She was trying to play it cool, but she had to admit to herself that she was growing progressively more excited, with each passing moment, about the possibilities this man whose path she had crossed represented to her. To the art museum where she worked. She’d certainly had her share of bad luck, but this had to fall under the heading of the most fortuitous meeting she’d ever had.
Deciding to stop being so morbidly cautious, Leonor broached the subject of where she worked to him to see his reaction.
“You know, I work for an art museum.”
She expected him to look delighted, or at least extremely pleased. She hadn’t expected him to look disappointed—in her.
“Now you’re just having fun at my expense, Ms. Colton.”
“No, really, I work at an art museum,” Leonor assured him. “And please, call me Leonor. When you say ‘Ms. Colton,’ I expect to turn around and see my mother standing there.”
“All right,” he agreed, then tried her name out on his tongue. “Leonor.” It seemed to all but float between them. And then he got back to the subject under discussion. “I looked this town up before I came here. I don’t recall reading that there was an art museum in the vicinity. So, unless that guidebook is out-of-date—”
“It’s not,” she admitted. “You didn’t read anything about there being an art museum in Shadow Creek is because there isn’t one.”
Josh shook his head, his rather long dark brown hair moving ever so slightly. “I’m afraid you lost me. I thought you just told me that you worked for an art museum—”
“I do, but I don’t work here,” Leonor clarified before he could get any further. “I work for an art museum in Austin.”
“A museum, not a gallery?” he specified, watching her face intently.
She was beginning to think that a lot of people had tried to put one over on this man at one time or another. He came across as smooth, gregarious and charming, but at the same time he seemed rather subtly alert, as if he was waiting for things to go wrong before they eventually went right.
“It’s an art museum,” she assured him. “It’s not as large as some of the other ones in, say, the bigger cities like Los Angeles, and certainly nothing like the Museum of Modern Art in New York,” she allowed. Leonor looked down at the five photographs again. They were all truly beautiful works of art. “But we have several respectable collections on the premises, and I guarantee that we would do your collection complete justice if you wound up deciding that you wanted to display the paintings at our museum.”
He nodded thoughtfully, appearing to carefully consider her words. “I’d have to think about it,” he told her.
She’d expected nothing less and would have been suspicious if he had said otherwise. “Of course, I understand.”
“Meanwhile, I do have to eat,” he said matter-of-factly. “And a bread stick only goes so far.” He looked around the premises. “Tell me, does the server ever come back after she brings over the lemonade or are we supposed to just fill up on bread sticks? Because, if that’s the case, she’s going to have to come back with more bread sticks.”
“She’s supposed to come back,” Leonor told him.
Scanning the area, she spotted the young woman who had brought over their lemonades. She appeared to be talking to the two men who were seated at another table across the way. It didn’t look as if order-taking was involved.
Leonor was eager to be accommodating—yes, this man she was sharing a table with could still be a fraud, but if he wasn’t, the museum where she worked stood to gain a lot if Josh Pendergrass was kept happy.

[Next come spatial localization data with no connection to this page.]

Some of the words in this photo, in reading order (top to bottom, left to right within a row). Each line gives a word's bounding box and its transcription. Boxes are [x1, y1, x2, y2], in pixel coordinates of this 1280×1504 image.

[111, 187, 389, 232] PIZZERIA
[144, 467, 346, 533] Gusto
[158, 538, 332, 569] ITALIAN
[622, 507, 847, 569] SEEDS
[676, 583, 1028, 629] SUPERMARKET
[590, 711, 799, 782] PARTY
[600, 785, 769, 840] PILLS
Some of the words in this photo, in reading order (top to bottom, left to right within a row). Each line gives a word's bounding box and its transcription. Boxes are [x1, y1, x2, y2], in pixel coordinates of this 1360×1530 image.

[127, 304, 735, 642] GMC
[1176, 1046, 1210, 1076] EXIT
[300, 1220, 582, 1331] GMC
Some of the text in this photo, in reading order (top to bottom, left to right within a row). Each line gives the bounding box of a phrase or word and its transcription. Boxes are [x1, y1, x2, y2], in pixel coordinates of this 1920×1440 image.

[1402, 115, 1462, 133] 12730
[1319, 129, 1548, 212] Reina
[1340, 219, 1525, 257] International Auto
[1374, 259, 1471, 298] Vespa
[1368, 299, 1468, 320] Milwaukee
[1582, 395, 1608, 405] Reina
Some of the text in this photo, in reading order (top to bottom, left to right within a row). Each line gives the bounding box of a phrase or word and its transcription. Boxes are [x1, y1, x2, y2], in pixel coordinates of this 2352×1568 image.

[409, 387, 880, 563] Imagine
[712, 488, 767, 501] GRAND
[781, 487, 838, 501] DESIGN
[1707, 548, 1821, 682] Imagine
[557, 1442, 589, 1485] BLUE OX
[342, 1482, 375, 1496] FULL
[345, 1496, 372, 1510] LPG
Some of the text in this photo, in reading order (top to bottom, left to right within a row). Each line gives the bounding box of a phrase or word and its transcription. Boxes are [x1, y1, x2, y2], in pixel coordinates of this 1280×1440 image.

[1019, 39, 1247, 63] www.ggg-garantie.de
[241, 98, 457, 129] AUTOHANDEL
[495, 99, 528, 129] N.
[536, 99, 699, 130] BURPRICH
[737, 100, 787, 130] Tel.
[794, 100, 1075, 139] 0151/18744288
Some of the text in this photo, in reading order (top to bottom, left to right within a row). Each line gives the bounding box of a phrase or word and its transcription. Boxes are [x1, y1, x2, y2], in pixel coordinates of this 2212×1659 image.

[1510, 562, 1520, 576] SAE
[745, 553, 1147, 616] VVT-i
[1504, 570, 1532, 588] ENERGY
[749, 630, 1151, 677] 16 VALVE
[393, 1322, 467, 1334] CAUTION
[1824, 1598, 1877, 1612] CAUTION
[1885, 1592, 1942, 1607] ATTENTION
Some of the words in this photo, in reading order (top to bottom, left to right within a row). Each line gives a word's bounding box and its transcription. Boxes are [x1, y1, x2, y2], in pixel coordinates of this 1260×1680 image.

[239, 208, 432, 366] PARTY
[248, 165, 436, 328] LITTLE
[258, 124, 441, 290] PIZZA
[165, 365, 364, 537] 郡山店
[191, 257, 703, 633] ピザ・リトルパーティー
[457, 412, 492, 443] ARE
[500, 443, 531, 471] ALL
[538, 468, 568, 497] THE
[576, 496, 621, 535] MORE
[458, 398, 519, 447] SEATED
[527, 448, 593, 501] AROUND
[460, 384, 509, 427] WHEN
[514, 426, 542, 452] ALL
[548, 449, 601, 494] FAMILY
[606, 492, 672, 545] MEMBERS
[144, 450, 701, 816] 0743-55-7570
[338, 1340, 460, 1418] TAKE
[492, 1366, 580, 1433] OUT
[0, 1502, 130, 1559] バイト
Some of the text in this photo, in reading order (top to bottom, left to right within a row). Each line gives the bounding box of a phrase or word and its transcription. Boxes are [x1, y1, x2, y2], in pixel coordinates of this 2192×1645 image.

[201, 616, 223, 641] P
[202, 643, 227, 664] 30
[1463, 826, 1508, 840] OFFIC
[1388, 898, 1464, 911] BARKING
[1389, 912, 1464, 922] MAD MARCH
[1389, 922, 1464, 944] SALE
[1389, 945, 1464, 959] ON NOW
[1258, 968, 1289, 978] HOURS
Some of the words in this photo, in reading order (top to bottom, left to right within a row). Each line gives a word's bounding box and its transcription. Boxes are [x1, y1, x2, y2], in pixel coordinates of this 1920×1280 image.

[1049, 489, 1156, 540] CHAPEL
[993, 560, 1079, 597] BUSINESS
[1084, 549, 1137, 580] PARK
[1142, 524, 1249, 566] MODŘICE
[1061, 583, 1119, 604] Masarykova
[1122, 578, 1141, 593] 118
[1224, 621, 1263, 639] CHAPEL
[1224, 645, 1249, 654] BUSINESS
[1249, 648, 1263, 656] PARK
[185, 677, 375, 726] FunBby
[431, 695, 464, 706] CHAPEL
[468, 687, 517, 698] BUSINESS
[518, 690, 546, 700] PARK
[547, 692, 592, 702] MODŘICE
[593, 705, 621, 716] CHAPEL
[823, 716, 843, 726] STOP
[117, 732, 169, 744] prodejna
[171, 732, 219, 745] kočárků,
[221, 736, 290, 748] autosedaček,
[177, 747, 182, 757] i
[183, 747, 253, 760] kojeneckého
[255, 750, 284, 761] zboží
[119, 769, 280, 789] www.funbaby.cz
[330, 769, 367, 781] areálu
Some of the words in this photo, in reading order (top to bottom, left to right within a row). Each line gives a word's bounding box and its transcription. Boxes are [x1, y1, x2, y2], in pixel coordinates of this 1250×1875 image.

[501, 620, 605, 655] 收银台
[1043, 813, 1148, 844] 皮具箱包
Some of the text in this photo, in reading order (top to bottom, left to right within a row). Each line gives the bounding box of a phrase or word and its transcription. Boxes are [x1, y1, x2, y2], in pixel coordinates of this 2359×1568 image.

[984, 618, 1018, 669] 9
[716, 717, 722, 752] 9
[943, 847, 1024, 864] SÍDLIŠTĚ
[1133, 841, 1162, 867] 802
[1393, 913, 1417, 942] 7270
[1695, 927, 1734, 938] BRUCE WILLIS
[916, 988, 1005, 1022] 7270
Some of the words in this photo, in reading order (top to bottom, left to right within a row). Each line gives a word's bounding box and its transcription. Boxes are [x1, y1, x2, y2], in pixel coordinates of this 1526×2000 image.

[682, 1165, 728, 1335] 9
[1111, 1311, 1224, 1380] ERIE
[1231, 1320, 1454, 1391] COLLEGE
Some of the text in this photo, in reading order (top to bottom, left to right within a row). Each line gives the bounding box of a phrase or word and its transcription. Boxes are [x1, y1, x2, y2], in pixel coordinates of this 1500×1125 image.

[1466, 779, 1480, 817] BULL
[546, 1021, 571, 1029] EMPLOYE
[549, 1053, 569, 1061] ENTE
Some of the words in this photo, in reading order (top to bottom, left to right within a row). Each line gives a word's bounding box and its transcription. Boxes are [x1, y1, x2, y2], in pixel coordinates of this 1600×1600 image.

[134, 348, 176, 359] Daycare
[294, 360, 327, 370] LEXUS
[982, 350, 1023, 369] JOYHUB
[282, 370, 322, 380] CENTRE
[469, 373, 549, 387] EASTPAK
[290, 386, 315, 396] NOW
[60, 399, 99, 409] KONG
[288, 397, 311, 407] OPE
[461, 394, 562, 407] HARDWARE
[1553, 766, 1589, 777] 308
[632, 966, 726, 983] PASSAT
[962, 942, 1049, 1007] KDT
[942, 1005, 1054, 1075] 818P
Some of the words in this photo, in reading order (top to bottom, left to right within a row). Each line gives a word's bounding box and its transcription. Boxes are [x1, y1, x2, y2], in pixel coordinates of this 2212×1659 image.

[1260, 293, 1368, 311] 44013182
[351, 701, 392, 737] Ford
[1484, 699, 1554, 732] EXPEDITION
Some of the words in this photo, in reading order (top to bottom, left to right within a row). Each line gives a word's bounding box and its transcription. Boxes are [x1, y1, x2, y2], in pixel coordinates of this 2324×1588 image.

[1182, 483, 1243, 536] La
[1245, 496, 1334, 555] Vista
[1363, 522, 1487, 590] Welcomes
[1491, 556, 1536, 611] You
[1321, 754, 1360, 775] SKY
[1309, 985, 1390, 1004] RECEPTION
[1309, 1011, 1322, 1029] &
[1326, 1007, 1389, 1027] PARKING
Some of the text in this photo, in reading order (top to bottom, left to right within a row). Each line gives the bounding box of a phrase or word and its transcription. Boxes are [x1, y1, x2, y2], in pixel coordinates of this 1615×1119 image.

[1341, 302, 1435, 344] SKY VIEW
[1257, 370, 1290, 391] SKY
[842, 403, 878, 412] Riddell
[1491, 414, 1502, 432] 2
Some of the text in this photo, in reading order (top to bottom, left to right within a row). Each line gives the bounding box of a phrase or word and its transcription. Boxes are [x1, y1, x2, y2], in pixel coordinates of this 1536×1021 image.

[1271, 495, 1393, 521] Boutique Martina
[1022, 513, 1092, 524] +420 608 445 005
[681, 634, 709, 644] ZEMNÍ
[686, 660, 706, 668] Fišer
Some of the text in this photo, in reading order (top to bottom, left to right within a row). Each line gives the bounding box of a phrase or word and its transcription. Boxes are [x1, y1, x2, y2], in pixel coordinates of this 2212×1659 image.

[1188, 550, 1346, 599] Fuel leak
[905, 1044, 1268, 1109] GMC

As long as all it takes is a full stomach, she silently qualified.
Because if it took anything else, or if this was a case of something else being involved other than an art collector looking for a venue to display his collection, then she wasn’t interested in keeping this man content, no matter how exceptionally good-looking he was.
A good-looking man was why she had come home to regroup in the first place. Maybe if David hadn’t been as handsome or as charming as he was, she would have seen through his ruse a lot sooner and been spared a lot of heartache.
Well, she was never going to be that blind again, Leonor promised herself.
But she was just as determined not to allow what David had done to jade her or color the way she looked at things. That, she knew, would be as much of a tragedy as her running blindly toward making another really stupid mistake.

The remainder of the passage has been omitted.